[Rd] Any interest in "merge" and "by" implementations specifically for so

Wed Aug 2 03:09:32 CEST 2006

Hi,

My last word on this topic until I get a working external R package ...

The igroup code has now been validated both with and without NAs and  
with and without removing them.  Thanks to Bill, Tom, Thomas, and  
everyone for your helpful comments and hints.
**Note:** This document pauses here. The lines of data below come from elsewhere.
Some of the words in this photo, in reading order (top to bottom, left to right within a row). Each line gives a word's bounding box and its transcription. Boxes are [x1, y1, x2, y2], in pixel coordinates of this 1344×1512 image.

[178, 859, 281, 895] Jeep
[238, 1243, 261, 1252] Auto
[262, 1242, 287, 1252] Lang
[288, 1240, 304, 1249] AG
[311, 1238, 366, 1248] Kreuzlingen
The results for my validation run are here in case anyone is interested.
So my code now officially works.  If anyone wants patches against the  
latest development version of R to play around with (do your own  
timings, etc), please just let me know and I will send the patches  
privately.

I will start to work on an external package next week when I have  
more time.

Hope this helps,

Kevin

 > x <- rnorm(2e6)
 > i <- rep(1:1e6,2)
 > y <- runif(2e6)
 > is.na(x[y > 0.8]) <- TRUE
 >
 > suma = unlist(lapply(split(x,i),sum,na.rm=T))
 > names(suma) <- NULL
 > sumb = igroupSums(x,i,na.rm=T)
 > all.equal(suma,sumb)
[1] TRUE
 >
 >
 > suma = unlist(lapply(split(x,i),sum,na.rm=F))
 > names(suma) <- NULL
 > sumb = igroupSums(x,i,na.rm=F)
 > all.equal(suma,sumb)
[1] TRUE
 >
 >
 > maxa = unlist(lapply(split(x,i),max,na.rm=T))
There were 50 or more warnings (use warnings() to see the first 50)
 > names(maxa)<-NULL
 > maxb <- igroupMaxs(x,i,na.rm=T)
 > all.equal(maxa, maxb)
[1] TRUE
 >
 >
 > maxa = unlist(lapply(split(x,i),max,na.rm=F))
 > names(maxa)<-NULL
 > maxb <- igroupMaxs(x,i,na.rm=F)
 > all.equal(maxa, maxb)
[1] TRUE
 >
 >
 > mina = unlist(lapply(split(x,i),min,na.rm=T))
There were 50 or more warnings (use warnings() to see the first 50)
 > names(mina)<-NULL
 > minb <- igroupMins(x,i,na.rm=T)
 > all.equal(mina, minb)
[1] TRUE
 >
 >
 > mina = unlist(lapply(split(x,i),min,na.rm=F))
 > names(mina)<-NULL
 > minb <- igroupMins(x,i,na.rm=F)
 > all.equal(mina, minb)
[1] TRUE
 >
 >
 > meana = unlist(lapply(split(x,i),mean,na.rm=T))
 > names(meana)<-NULL
 > meanb <- igroupMeans(x,i,na.rm=T)
 > all.equal(meana, meanb)
[1] TRUE
 >
 > meana = unlist(lapply(split(x,i),mean,na.rm=F))
 > names(meana)<-NULL
 > meanb <- igroupMeans(x,i,na.rm=F)
 > all.equal(meana, meanb)
[1] TRUE
 >
 >
 > proda = unlist(lapply(split(x,i),prod,na.rm=T))
 > names(proda)<-NULL
 > prodb <- igroupProds(x,i,na.rm=T)
 > all.equal(proda, prodb)
[1] TRUE
 >
 > proda = unlist(lapply(split(x,i),prod,na.rm=F))
 > names(proda)<-NULL
 > prodb <- igroupProds(x,i,na.rm=F)
 > all.equal(proda, prodb)
[1] TRUE
 >
 >
 > cnta <- unlist(lapply(split(x,i),length))
 > names(cnta) <- NULL
 > cntb <- igroupCounts(x,i,na.rm=F)
 > all.equal(cnta,cntb)
[1] TRUE
 >
 >
 > anya <- unlist(lapply(split((x>1.0),i),any,na.rm=T))
 > names(anya)<-NULL
 > anyb <- igroupAnys((x>1.0),i,na.rm=T)
 > all.equal(anya,anyb)
[1] TRUE
 >
 >
 > anya <- unlist(lapply(split((x>1.0),i),any,na.rm=F))
 > names(anya)<-NULL
 > anyb <- igroupAnys((x>1.0),i,na.rm=F)
 > all.equal(anya,anyb)
[1] TRUE
 >
 >
 > alla <- unlist(lapply(split((x>1.0),i),all,na.rm=T))
 > names(alla)<-NULL
 > allb <- igroupAlls((x>1.0),i,na.rm=T)
 > all.equal(alla,allb)
[1] TRUE
 >
 >
 > alla <- unlist(lapply(split((x>1.0),i),all,na.rm=F))
 > names(alla)<-NULL
 > allb <- igroupAlls((x>1.0),i,na.rm=F)
 > all.equal(alla,allb)
[1] TRUE